Using the microarray system, "you can tile the entire proteome of the virus with one amino acid overlap," Lipkin said. "That means you are stepping across the entire proteome one amino acid at a time. And that gives you this beautiful pattern of signal when you hit the sweet spot and the epitope that's important. And if you have the appropriate sera so that you can test for its specificity you rapidly get to something that will give you a definitive answer, as we did in this instance."
Lipkin and his colleagues have used the platform for similar serological test development in other diseases. For instance, last month they published a study using peptide microarrays to develop a serological assay capable of identifying individuals exposed to eight tick-borne pathogens.
The microarray system is not suitable for actually clinical testing, however, Lipkin noted, particularly in the resource-constrained areas where Zika has been a major challenge. In order to convert their findings into a test better suited to the clinical, the researchers developed an ELISA using the NS2B peptide.
Key to doing this was determining what was the ideal length of the peptide for use in the ELISA, Lipkin said.
"We started with six-mers, seven-mers, eight-mers, nine-mers, 10-mers, 11-mers, 12-mers, trying to find the regions that were most specific," he said. "And we found that when we started getting below eight residues, the sensitivity began to drop off.
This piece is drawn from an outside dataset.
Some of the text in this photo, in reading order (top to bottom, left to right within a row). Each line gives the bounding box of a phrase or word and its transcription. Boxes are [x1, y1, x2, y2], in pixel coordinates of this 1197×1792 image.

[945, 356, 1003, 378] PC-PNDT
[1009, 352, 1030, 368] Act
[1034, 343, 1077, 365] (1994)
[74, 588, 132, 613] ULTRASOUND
So then to really get the maximal sensitivity we created this concatemer of the 12-mer, and that gave us both sensitivity and specificity. So the clue [as to the peptide to use] came from the array, but there was a lot of fine tuning and redesign thereafter."
In the mBio paper, the researchers put forth a process in which patients are tested initially using the ELISA and then patients who receive indeterminate results are tested on the full peptide microarray platform.
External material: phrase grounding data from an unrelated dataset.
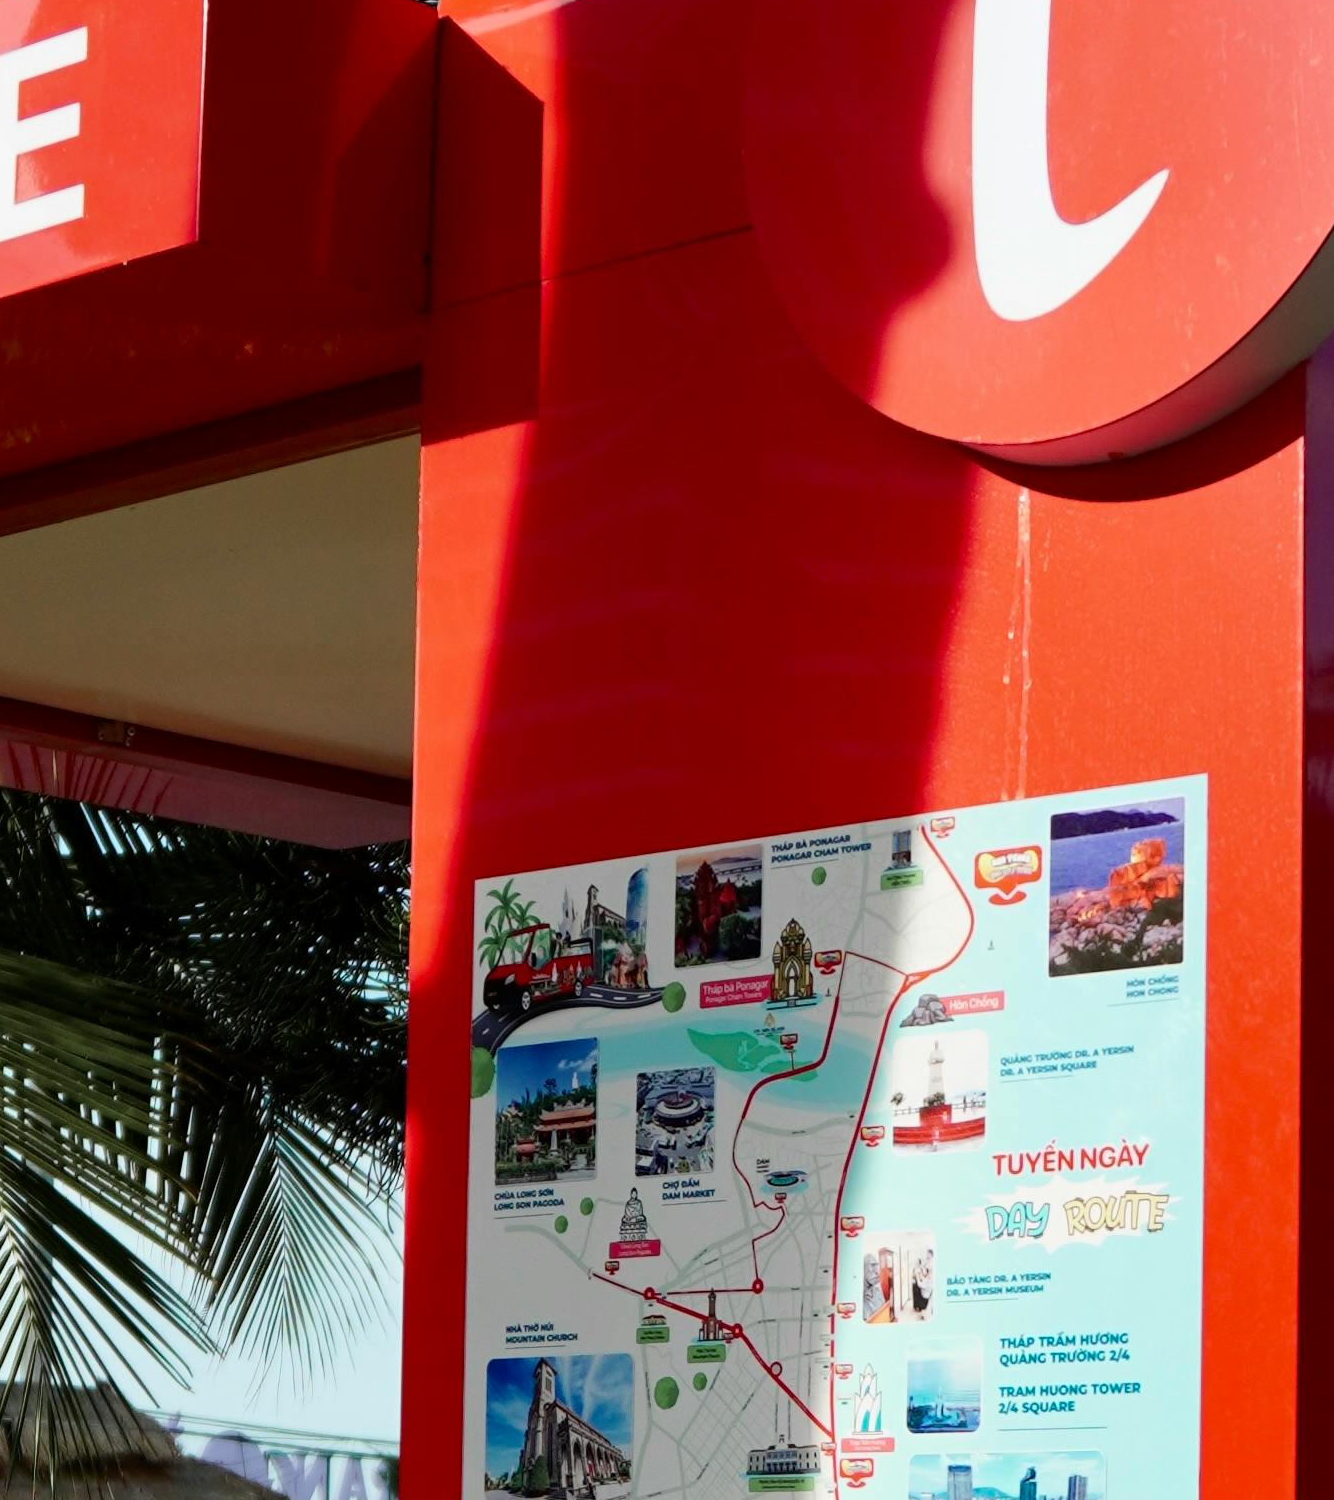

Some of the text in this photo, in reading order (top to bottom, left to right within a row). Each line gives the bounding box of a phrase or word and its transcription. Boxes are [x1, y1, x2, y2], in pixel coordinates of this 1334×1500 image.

[809, 834, 851, 846] PONAGAR
[771, 842, 872, 864] PONAGAR CHAM TOWER
[1102, 1045, 1135, 1056] YERSIN
[1026, 1063, 1058, 1074] YERSIN
[1060, 1060, 1097, 1072] SQUARE
[992, 1139, 1149, 1176] TUYẾN NGÀY
[662, 1188, 715, 1201] DAM MARKET
[985, 1190, 1170, 1240] DAY ROUTE
[1019, 1272, 1051, 1281] YERSIN
[972, 1287, 1003, 1296] YERSIN
[1005, 1285, 1044, 1294] MUSEUM
[506, 1332, 578, 1344] MOUNTAIN CHURCH
[1000, 1332, 1129, 1349] THÁP HƯƠNG
[1109, 1348, 1131, 1362] 2/4
[998, 1382, 1141, 1398] TRAM HUONG TOWER
[998, 1401, 1076, 1415] 2/4 SQUARE
However, Lipkin said that a more practical approach would be to do a follow-up test using not the full microarray platform but a multiplexed ELISA featuring a subset of peptides they have determined to be diagnostically useful.
He said he and his colleagues have determined what this subset of peptide would be and are now working to determine the best format for testing them simultaneously. Among the formats they are exploring are lateral flow immunoassays similar to what is used in home pregnancy tests.
"We're at the stage right now where we're trying to come up with a cheaper version that people can run in a more straightforward [way]," Lipkin said, noting that the researchers have submitted the test for a patent.
A number of other companies and researchers are similarly working on serological tests for Zika. Lipkin said that another research group recently contacted him to see if he had patented the NS2B peptide, which they had determined could be diagnostically useful via their own independent efforts.
Last month, researchers at Rheonix and the New York University College of Dentistry published on a nucleic acid and antibody-based test for Zika that similarly used peptide microarrays to identify Zika peptides for serological testing.
Last year, Chembio Diagnostics received US Food and Drug Administration emergency-use authorization for its DPP Zika System, which detects IgM antibodies to Zika in fingerstick blood samples.
Also last year, the FDA issued an emergency-use authorization for Siemens Healthcare Diagnostics' Advia Centaur Zika test for qualitative detection of Zika virus IgM antibodies in human serum and plasma.